MATERIAL FOR THIS EXERCISE below:

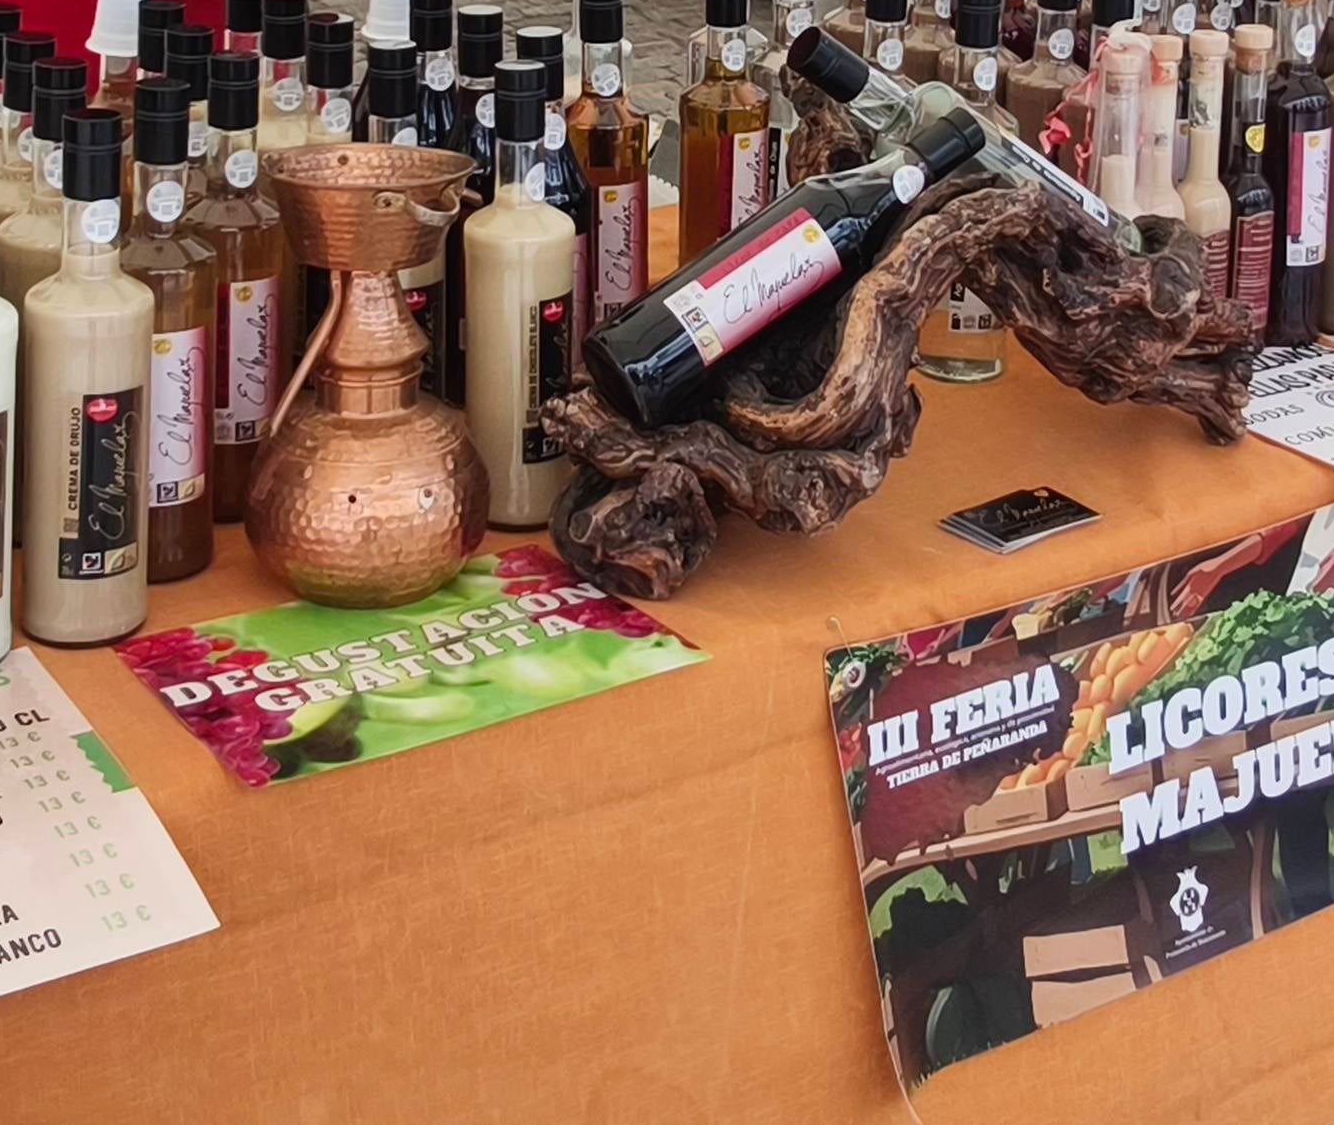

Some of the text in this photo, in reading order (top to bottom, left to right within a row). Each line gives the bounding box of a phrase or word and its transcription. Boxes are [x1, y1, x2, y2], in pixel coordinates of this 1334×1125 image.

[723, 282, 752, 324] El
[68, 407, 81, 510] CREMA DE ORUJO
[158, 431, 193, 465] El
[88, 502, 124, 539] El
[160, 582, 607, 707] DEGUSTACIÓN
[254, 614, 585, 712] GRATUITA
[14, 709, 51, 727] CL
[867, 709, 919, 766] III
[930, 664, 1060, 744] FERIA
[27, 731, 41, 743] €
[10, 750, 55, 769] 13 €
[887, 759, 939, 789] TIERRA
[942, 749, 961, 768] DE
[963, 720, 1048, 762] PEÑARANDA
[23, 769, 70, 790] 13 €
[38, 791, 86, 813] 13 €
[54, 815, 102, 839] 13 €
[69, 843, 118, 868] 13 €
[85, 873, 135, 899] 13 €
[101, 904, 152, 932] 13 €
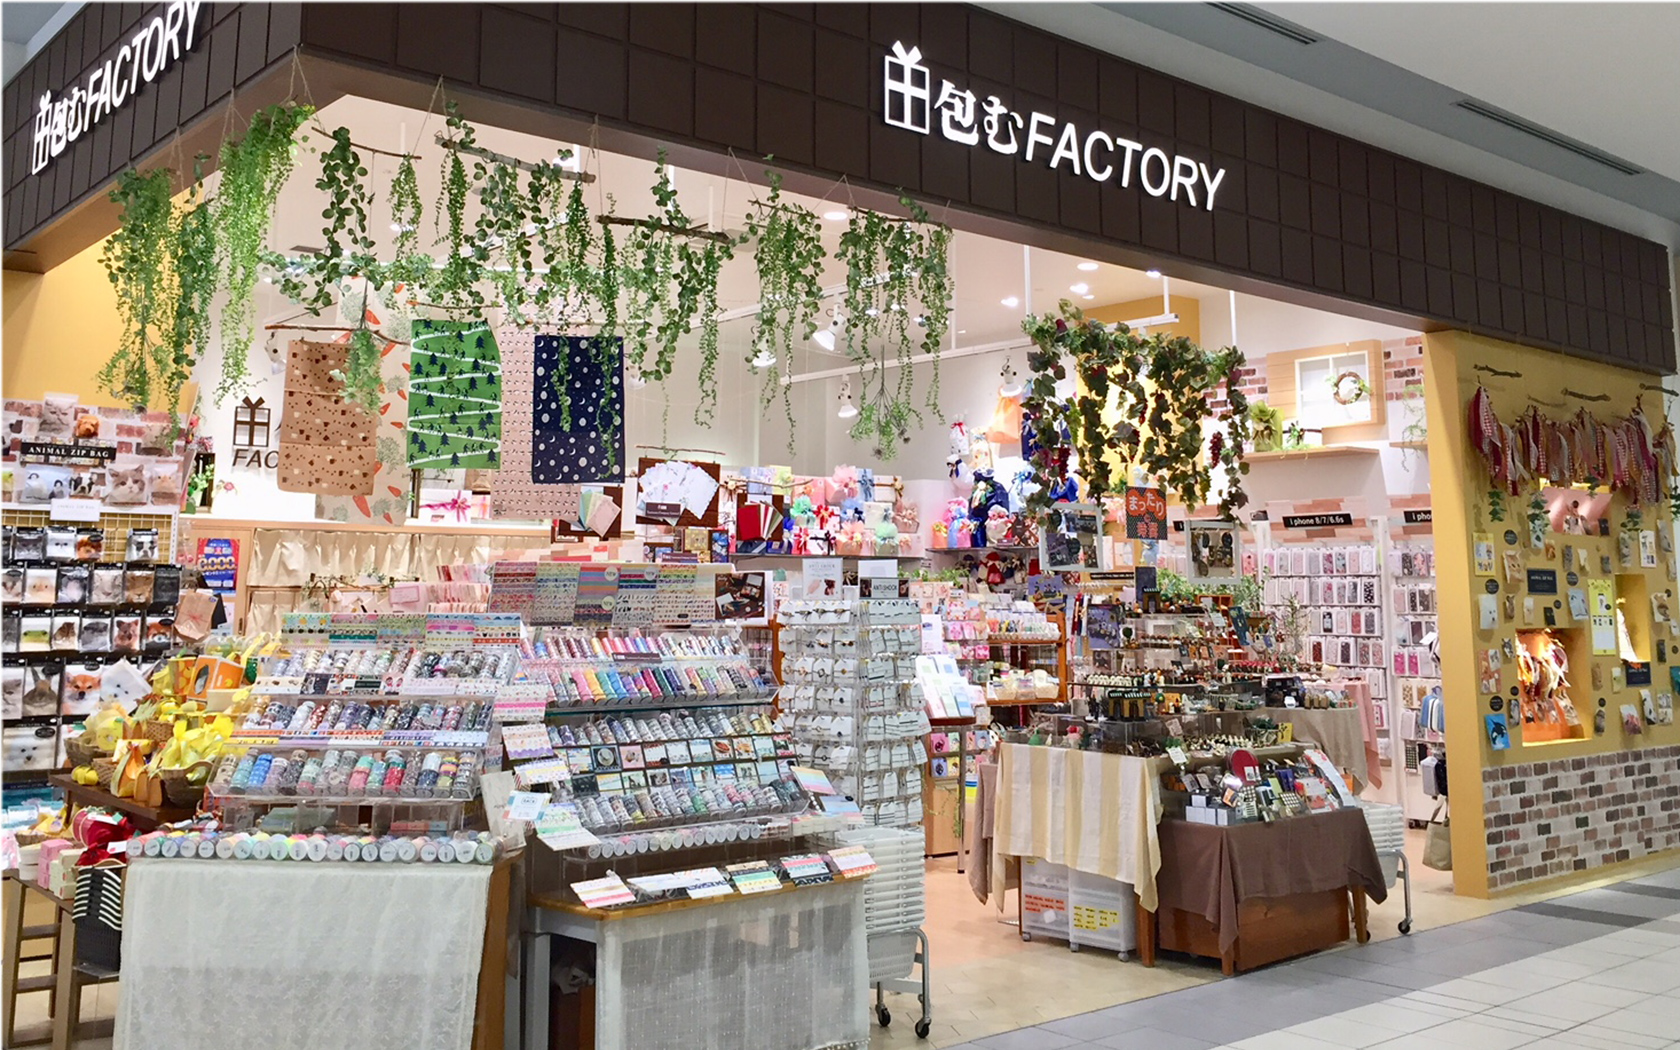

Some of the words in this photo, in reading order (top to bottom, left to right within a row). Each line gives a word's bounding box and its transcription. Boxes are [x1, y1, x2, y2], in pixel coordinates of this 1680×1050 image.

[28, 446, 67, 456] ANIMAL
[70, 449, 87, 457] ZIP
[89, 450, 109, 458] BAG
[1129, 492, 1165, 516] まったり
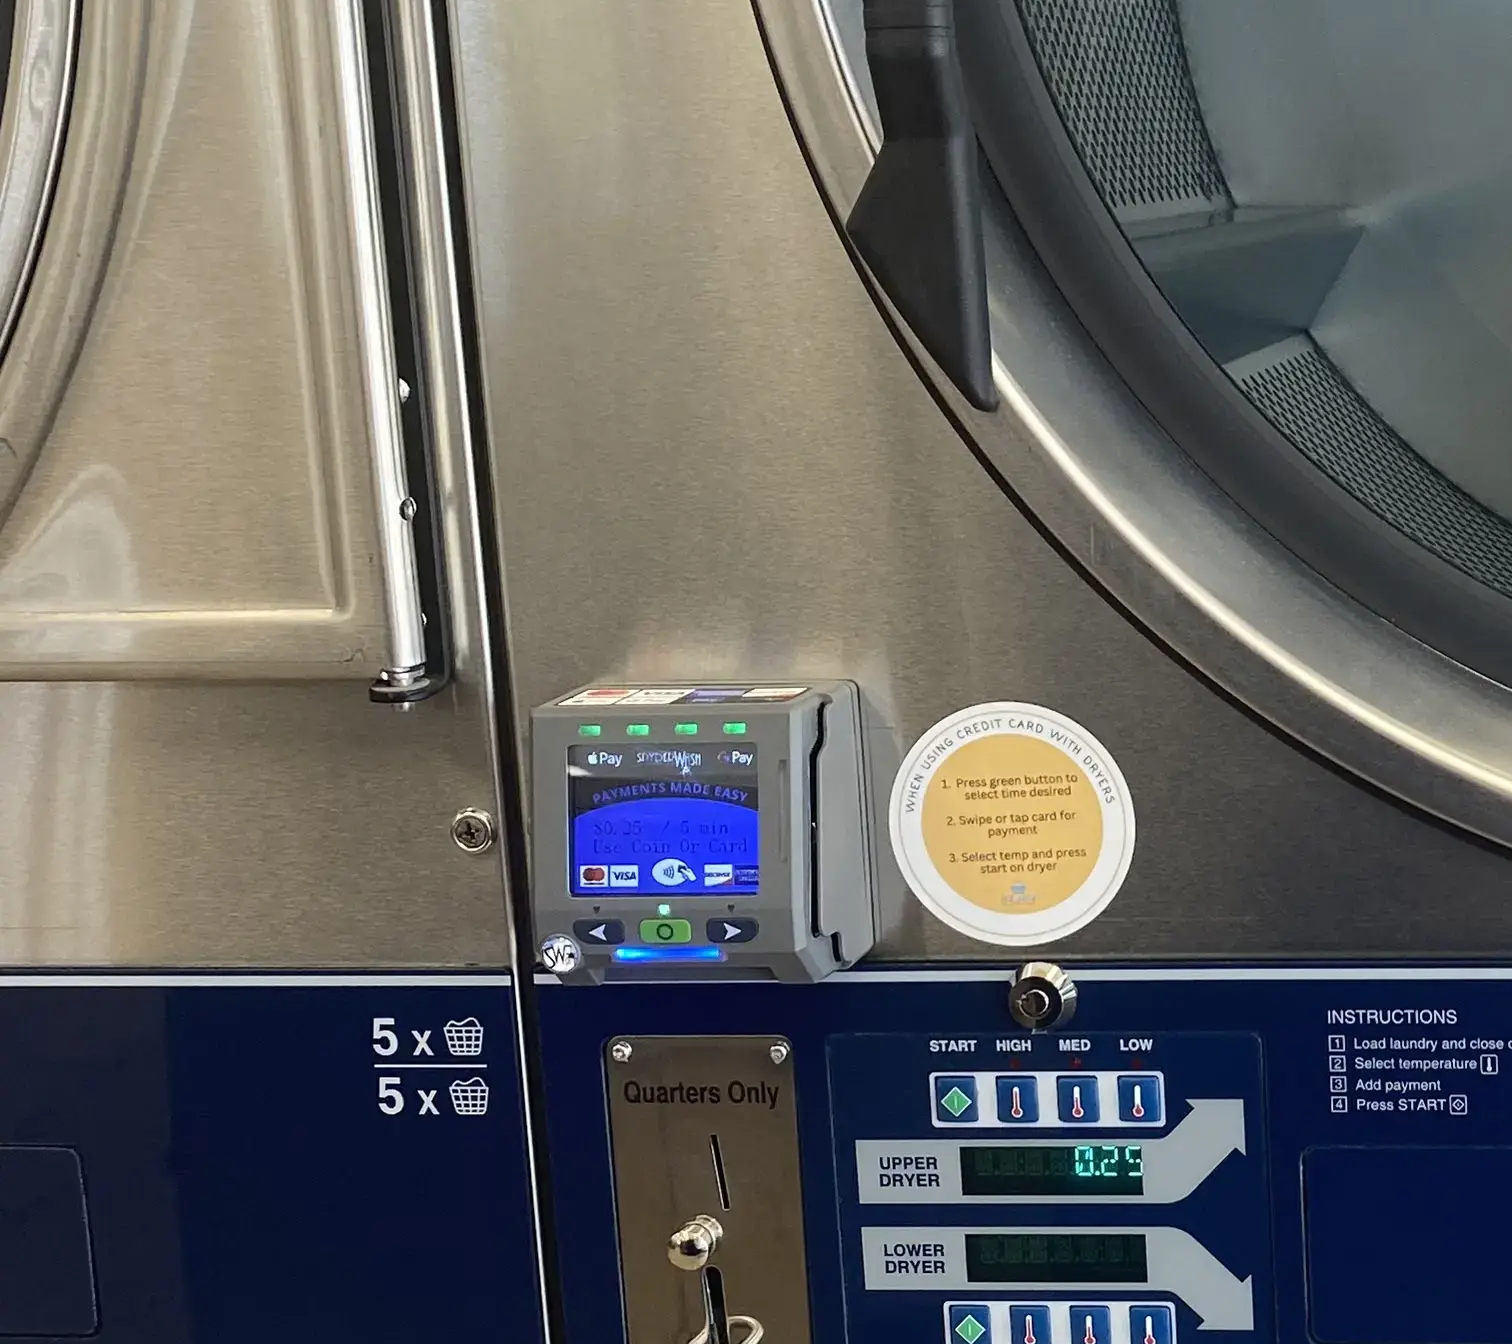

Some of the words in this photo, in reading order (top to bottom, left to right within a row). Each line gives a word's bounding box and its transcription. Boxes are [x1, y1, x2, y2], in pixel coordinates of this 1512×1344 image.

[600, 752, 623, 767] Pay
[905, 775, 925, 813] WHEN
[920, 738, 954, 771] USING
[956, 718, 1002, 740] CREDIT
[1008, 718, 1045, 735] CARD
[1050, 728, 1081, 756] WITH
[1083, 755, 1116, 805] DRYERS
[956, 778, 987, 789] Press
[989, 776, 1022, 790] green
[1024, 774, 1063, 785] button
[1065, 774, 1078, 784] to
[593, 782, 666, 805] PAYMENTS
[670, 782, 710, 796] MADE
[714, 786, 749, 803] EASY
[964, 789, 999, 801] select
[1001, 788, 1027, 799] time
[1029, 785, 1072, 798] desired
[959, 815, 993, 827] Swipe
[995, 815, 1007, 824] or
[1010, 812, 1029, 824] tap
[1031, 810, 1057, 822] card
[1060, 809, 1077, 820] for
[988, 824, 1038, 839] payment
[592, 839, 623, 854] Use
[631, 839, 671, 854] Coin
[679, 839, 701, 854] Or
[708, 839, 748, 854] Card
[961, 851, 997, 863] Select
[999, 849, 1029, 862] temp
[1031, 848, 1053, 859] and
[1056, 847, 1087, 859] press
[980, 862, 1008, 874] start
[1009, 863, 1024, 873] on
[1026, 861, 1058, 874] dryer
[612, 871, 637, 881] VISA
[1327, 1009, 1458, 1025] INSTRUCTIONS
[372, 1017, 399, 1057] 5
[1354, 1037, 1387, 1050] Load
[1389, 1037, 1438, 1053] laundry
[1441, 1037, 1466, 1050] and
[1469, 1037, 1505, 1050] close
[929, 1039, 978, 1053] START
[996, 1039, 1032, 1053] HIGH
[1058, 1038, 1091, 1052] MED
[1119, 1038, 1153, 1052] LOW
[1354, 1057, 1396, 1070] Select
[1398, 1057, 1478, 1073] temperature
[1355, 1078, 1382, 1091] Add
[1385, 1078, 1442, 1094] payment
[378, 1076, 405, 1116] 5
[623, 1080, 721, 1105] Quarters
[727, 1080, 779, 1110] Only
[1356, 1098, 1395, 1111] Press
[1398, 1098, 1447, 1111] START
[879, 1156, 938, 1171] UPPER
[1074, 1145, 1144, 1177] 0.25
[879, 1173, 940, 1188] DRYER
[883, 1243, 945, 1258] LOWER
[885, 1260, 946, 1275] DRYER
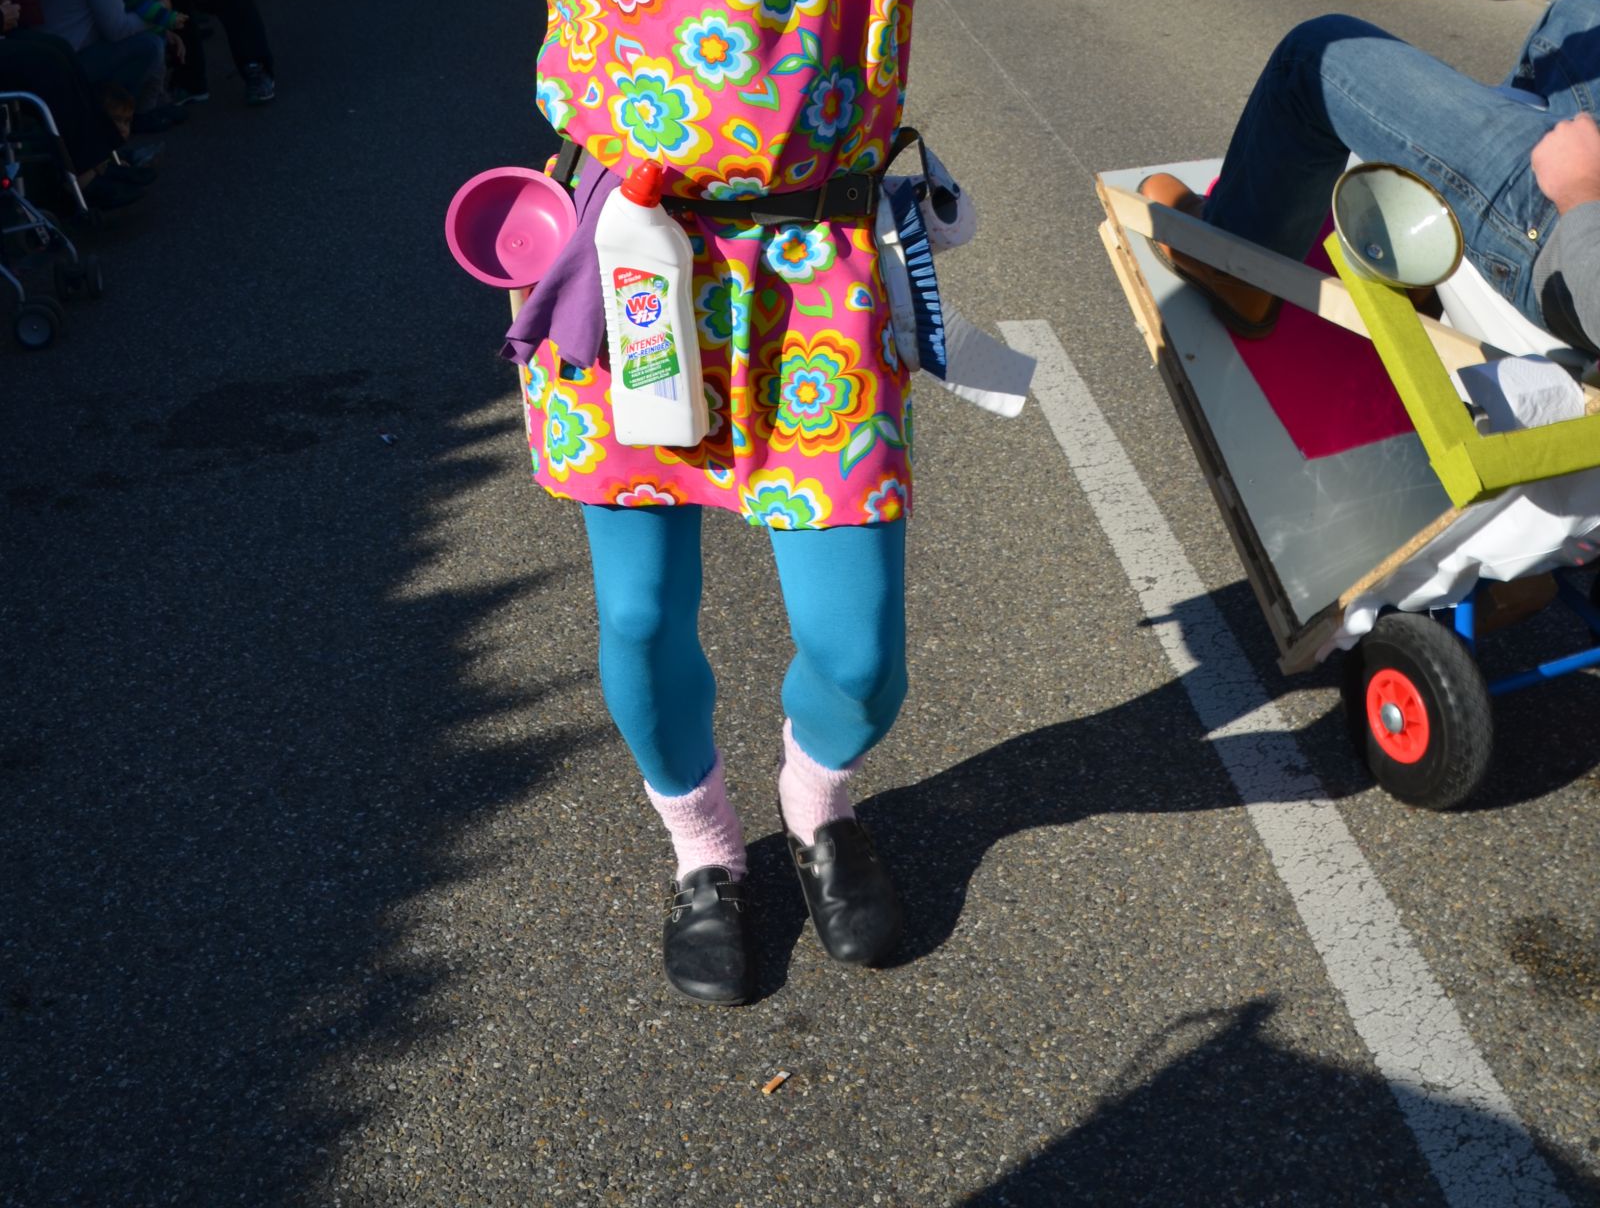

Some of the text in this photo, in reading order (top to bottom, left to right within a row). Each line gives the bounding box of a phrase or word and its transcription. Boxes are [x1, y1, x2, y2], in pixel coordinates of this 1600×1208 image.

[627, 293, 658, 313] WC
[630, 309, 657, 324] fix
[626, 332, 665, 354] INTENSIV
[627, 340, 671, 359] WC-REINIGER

End of MATERIAL FOR THIS EXERCISE.

Without the pictures, retype each line of the records above exactly.

Some of the text in this photo, in reading order (top to bottom, left to right within a row). Each line gives the bounding box of a phrase or word and its transcription. Boxes are [x1, y1, x2, y2], in pixel coordinates of this 1334×1125 image.

[723, 282, 752, 324] El
[68, 407, 81, 510] CREMA DE ORUJO
[158, 431, 193, 465] El
[88, 502, 124, 539] El
[160, 582, 607, 707] DEGUSTACIÓN
[254, 614, 585, 712] GRATUITA
[14, 709, 51, 727] CL
[867, 709, 919, 766] III
[930, 664, 1060, 744] FERIA
[27, 731, 41, 743] €
[10, 750, 55, 769] 13 €
[887, 759, 939, 789] TIERRA
[942, 749, 961, 768] DE
[963, 720, 1048, 762] PEÑARANDA
[23, 769, 70, 790] 13 €
[38, 791, 86, 813] 13 €
[54, 815, 102, 839] 13 €
[69, 843, 118, 868] 13 €
[85, 873, 135, 899] 13 €
[101, 904, 152, 932] 13 €

Some of the words in this photo, in reading order (top to bottom, left to right within a row). Each line gives a word's bounding box and its transcription. Boxes are [x1, y1, x2, y2], in pixel coordinates of this 1680×1050 image.

[28, 446, 67, 456] ANIMAL
[70, 449, 87, 457] ZIP
[89, 450, 109, 458] BAG
[1129, 492, 1165, 516] まったり

Some of the words in this photo, in reading order (top to bottom, left to right within a row). Each line gives a word's bounding box and its transcription. Boxes are [x1, y1, x2, y2], in pixel coordinates of this 1512×1344 image.

[600, 752, 623, 767] Pay
[905, 775, 925, 813] WHEN
[920, 738, 954, 771] USING
[956, 718, 1002, 740] CREDIT
[1008, 718, 1045, 735] CARD
[1050, 728, 1081, 756] WITH
[1083, 755, 1116, 805] DRYERS
[956, 778, 987, 789] Press
[989, 776, 1022, 790] green
[1024, 774, 1063, 785] button
[1065, 774, 1078, 784] to
[593, 782, 666, 805] PAYMENTS
[670, 782, 710, 796] MADE
[714, 786, 749, 803] EASY
[964, 789, 999, 801] select
[1001, 788, 1027, 799] time
[1029, 785, 1072, 798] desired
[959, 815, 993, 827] Swipe
[995, 815, 1007, 824] or
[1010, 812, 1029, 824] tap
[1031, 810, 1057, 822] card
[1060, 809, 1077, 820] for
[988, 824, 1038, 839] payment
[592, 839, 623, 854] Use
[631, 839, 671, 854] Coin
[679, 839, 701, 854] Or
[708, 839, 748, 854] Card
[961, 851, 997, 863] Select
[999, 849, 1029, 862] temp
[1031, 848, 1053, 859] and
[1056, 847, 1087, 859] press
[980, 862, 1008, 874] start
[1009, 863, 1024, 873] on
[1026, 861, 1058, 874] dryer
[612, 871, 637, 881] VISA
[1327, 1009, 1458, 1025] INSTRUCTIONS
[372, 1017, 399, 1057] 5
[1354, 1037, 1387, 1050] Load
[1389, 1037, 1438, 1053] laundry
[1441, 1037, 1466, 1050] and
[1469, 1037, 1505, 1050] close
[929, 1039, 978, 1053] START
[996, 1039, 1032, 1053] HIGH
[1058, 1038, 1091, 1052] MED
[1119, 1038, 1153, 1052] LOW
[1354, 1057, 1396, 1070] Select
[1398, 1057, 1478, 1073] temperature
[1355, 1078, 1382, 1091] Add
[1385, 1078, 1442, 1094] payment
[378, 1076, 405, 1116] 5
[623, 1080, 721, 1105] Quarters
[727, 1080, 779, 1110] Only
[1356, 1098, 1395, 1111] Press
[1398, 1098, 1447, 1111] START
[879, 1156, 938, 1171] UPPER
[1074, 1145, 1144, 1177] 0.25
[879, 1173, 940, 1188] DRYER
[883, 1243, 945, 1258] LOWER
[885, 1260, 946, 1275] DRYER

Some of the text in this photo, in reading order (top to bottom, left to right within a row). Each line gives the bounding box of a phrase or word and its transcription. Boxes are [x1, y1, x2, y2], in pixel coordinates of this 1600×1208 image.

[627, 293, 658, 313] WC
[630, 309, 657, 324] fix
[626, 332, 665, 354] INTENSIV
[627, 340, 671, 359] WC-REINIGER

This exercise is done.